What the task requires:
Send back the records in full, character for character.

:: Information provided

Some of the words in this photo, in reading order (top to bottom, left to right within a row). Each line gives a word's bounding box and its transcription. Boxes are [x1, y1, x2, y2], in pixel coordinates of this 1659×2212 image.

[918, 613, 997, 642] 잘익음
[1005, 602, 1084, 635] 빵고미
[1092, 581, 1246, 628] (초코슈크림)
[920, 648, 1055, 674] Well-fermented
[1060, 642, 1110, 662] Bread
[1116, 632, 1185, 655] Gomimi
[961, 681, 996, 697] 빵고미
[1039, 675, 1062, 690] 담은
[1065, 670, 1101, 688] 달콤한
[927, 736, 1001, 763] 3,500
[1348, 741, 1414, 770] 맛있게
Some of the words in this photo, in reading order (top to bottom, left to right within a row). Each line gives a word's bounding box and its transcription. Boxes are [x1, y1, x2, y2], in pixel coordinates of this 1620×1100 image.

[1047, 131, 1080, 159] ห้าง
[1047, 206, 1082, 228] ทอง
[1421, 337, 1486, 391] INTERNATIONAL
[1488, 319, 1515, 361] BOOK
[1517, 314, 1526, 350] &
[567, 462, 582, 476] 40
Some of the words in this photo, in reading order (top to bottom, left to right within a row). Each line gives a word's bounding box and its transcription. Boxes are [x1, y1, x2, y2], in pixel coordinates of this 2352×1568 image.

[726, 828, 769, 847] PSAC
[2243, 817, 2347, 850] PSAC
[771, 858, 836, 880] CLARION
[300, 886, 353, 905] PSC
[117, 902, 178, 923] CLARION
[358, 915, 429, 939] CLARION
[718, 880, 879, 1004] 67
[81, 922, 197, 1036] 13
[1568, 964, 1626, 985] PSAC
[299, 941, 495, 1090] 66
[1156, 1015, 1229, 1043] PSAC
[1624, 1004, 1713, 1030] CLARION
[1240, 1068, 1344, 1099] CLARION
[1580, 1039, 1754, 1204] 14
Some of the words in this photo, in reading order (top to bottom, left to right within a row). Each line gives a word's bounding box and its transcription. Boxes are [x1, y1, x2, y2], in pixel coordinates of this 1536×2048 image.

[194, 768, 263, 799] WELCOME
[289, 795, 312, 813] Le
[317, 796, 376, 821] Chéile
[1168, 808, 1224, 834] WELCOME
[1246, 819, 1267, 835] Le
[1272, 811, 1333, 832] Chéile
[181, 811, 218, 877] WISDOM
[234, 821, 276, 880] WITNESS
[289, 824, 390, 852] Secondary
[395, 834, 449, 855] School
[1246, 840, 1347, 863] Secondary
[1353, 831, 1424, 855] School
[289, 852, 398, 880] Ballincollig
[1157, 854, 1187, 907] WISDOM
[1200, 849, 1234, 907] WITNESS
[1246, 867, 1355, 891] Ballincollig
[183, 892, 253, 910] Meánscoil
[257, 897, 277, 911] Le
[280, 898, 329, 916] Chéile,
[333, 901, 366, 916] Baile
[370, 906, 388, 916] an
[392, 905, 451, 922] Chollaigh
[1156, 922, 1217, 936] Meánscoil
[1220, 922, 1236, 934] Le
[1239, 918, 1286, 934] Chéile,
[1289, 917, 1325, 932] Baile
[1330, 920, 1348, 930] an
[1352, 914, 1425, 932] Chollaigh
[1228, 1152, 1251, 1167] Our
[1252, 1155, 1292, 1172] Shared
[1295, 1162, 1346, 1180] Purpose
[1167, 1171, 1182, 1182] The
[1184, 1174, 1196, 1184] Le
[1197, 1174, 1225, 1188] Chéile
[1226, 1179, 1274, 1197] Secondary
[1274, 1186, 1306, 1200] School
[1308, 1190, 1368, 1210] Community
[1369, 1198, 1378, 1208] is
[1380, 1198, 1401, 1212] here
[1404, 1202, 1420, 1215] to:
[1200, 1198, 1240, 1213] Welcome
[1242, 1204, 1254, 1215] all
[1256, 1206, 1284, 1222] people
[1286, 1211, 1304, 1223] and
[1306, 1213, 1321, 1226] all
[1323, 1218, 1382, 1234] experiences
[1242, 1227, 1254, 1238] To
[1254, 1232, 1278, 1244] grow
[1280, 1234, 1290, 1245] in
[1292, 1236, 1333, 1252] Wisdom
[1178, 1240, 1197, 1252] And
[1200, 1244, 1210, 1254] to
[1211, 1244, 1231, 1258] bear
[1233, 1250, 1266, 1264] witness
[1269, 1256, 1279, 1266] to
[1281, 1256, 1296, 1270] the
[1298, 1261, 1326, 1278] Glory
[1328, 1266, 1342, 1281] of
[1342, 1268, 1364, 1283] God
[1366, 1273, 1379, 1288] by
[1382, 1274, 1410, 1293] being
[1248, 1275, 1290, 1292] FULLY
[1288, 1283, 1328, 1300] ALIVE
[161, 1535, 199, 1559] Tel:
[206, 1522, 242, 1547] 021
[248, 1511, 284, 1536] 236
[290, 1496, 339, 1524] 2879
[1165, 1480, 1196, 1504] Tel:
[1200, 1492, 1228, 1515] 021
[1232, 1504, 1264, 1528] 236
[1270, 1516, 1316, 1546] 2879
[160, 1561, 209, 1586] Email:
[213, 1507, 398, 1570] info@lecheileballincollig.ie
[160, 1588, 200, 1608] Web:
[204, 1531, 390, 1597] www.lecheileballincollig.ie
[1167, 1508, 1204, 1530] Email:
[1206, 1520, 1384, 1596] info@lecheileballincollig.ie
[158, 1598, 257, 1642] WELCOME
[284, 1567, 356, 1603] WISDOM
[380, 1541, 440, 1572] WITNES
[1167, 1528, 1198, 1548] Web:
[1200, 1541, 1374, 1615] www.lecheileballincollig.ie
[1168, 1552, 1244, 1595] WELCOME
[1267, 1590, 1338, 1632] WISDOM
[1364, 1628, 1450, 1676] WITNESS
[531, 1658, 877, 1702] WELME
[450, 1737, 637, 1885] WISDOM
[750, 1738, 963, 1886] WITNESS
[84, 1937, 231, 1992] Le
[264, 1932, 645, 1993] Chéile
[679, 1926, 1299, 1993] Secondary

::::

Final answer:
Some of the words in this photo, in reading order (top to bottom, left to right within a row). Each line gives a word's bounding box and its transcription. Boxes are [x1, y1, x2, y2], in pixel coordinates of this 1659×2212 image.

[918, 613, 997, 642] 잘익음
[1005, 602, 1084, 635] 빵고미
[1092, 581, 1246, 628] (초코슈크림)
[920, 648, 1055, 674] Well-fermented
[1060, 642, 1110, 662] Bread
[1116, 632, 1185, 655] Gomimi
[961, 681, 996, 697] 빵고미
[1039, 675, 1062, 690] 담은
[1065, 670, 1101, 688] 달콤한
[927, 736, 1001, 763] 3,500
[1348, 741, 1414, 770] 맛있게
Some of the words in this photo, in reading order (top to bottom, left to right within a row). Each line gives a word's bounding box and its transcription. Boxes are [x1, y1, x2, y2], in pixel coordinates of this 1620×1100 image.

[1047, 131, 1080, 159] ห้าง
[1047, 206, 1082, 228] ทอง
[1421, 337, 1486, 391] INTERNATIONAL
[1488, 319, 1515, 361] BOOK
[1517, 314, 1526, 350] &
[567, 462, 582, 476] 40
Some of the words in this photo, in reading order (top to bottom, left to right within a row). Each line gives a word's bounding box and its transcription. Boxes are [x1, y1, x2, y2], in pixel coordinates of this 2352×1568 image.

[726, 828, 769, 847] PSAC
[2243, 817, 2347, 850] PSAC
[771, 858, 836, 880] CLARION
[300, 886, 353, 905] PSC
[117, 902, 178, 923] CLARION
[358, 915, 429, 939] CLARION
[718, 880, 879, 1004] 67
[81, 922, 197, 1036] 13
[1568, 964, 1626, 985] PSAC
[299, 941, 495, 1090] 66
[1156, 1015, 1229, 1043] PSAC
[1624, 1004, 1713, 1030] CLARION
[1240, 1068, 1344, 1099] CLARION
[1580, 1039, 1754, 1204] 14
Some of the words in this photo, in reading order (top to bottom, left to right within a row). Each line gives a word's bounding box and its transcription. Boxes are [x1, y1, x2, y2], in pixel coordinates of this 1536×2048 image.

[194, 768, 263, 799] WELCOME
[289, 795, 312, 813] Le
[317, 796, 376, 821] Chéile
[1168, 808, 1224, 834] WELCOME
[1246, 819, 1267, 835] Le
[1272, 811, 1333, 832] Chéile
[181, 811, 218, 877] WISDOM
[234, 821, 276, 880] WITNESS
[289, 824, 390, 852] Secondary
[395, 834, 449, 855] School
[1246, 840, 1347, 863] Secondary
[1353, 831, 1424, 855] School
[289, 852, 398, 880] Ballincollig
[1157, 854, 1187, 907] WISDOM
[1200, 849, 1234, 907] WITNESS
[1246, 867, 1355, 891] Ballincollig
[183, 892, 253, 910] Meánscoil
[257, 897, 277, 911] Le
[280, 898, 329, 916] Chéile,
[333, 901, 366, 916] Baile
[370, 906, 388, 916] an
[392, 905, 451, 922] Chollaigh
[1156, 922, 1217, 936] Meánscoil
[1220, 922, 1236, 934] Le
[1239, 918, 1286, 934] Chéile,
[1289, 917, 1325, 932] Baile
[1330, 920, 1348, 930] an
[1352, 914, 1425, 932] Chollaigh
[1228, 1152, 1251, 1167] Our
[1252, 1155, 1292, 1172] Shared
[1295, 1162, 1346, 1180] Purpose
[1167, 1171, 1182, 1182] The
[1184, 1174, 1196, 1184] Le
[1197, 1174, 1225, 1188] Chéile
[1226, 1179, 1274, 1197] Secondary
[1274, 1186, 1306, 1200] School
[1308, 1190, 1368, 1210] Community
[1369, 1198, 1378, 1208] is
[1380, 1198, 1401, 1212] here
[1404, 1202, 1420, 1215] to:
[1200, 1198, 1240, 1213] Welcome
[1242, 1204, 1254, 1215] all
[1256, 1206, 1284, 1222] people
[1286, 1211, 1304, 1223] and
[1306, 1213, 1321, 1226] all
[1323, 1218, 1382, 1234] experiences
[1242, 1227, 1254, 1238] To
[1254, 1232, 1278, 1244] grow
[1280, 1234, 1290, 1245] in
[1292, 1236, 1333, 1252] Wisdom
[1178, 1240, 1197, 1252] And
[1200, 1244, 1210, 1254] to
[1211, 1244, 1231, 1258] bear
[1233, 1250, 1266, 1264] witness
[1269, 1256, 1279, 1266] to
[1281, 1256, 1296, 1270] the
[1298, 1261, 1326, 1278] Glory
[1328, 1266, 1342, 1281] of
[1342, 1268, 1364, 1283] God
[1366, 1273, 1379, 1288] by
[1382, 1274, 1410, 1293] being
[1248, 1275, 1290, 1292] FULLY
[1288, 1283, 1328, 1300] ALIVE
[161, 1535, 199, 1559] Tel:
[206, 1522, 242, 1547] 021
[248, 1511, 284, 1536] 236
[290, 1496, 339, 1524] 2879
[1165, 1480, 1196, 1504] Tel:
[1200, 1492, 1228, 1515] 021
[1232, 1504, 1264, 1528] 236
[1270, 1516, 1316, 1546] 2879
[160, 1561, 209, 1586] Email:
[213, 1507, 398, 1570] info@lecheileballincollig.ie
[160, 1588, 200, 1608] Web:
[204, 1531, 390, 1597] www.lecheileballincollig.ie
[1167, 1508, 1204, 1530] Email:
[1206, 1520, 1384, 1596] info@lecheileballincollig.ie
[158, 1598, 257, 1642] WELCOME
[284, 1567, 356, 1603] WISDOM
[380, 1541, 440, 1572] WITNES
[1167, 1528, 1198, 1548] Web:
[1200, 1541, 1374, 1615] www.lecheileballincollig.ie
[1168, 1552, 1244, 1595] WELCOME
[1267, 1590, 1338, 1632] WISDOM
[1364, 1628, 1450, 1676] WITNESS
[531, 1658, 877, 1702] WELME
[450, 1737, 637, 1885] WISDOM
[750, 1738, 963, 1886] WITNESS
[84, 1937, 231, 1992] Le
[264, 1932, 645, 1993] Chéile
[679, 1926, 1299, 1993] Secondary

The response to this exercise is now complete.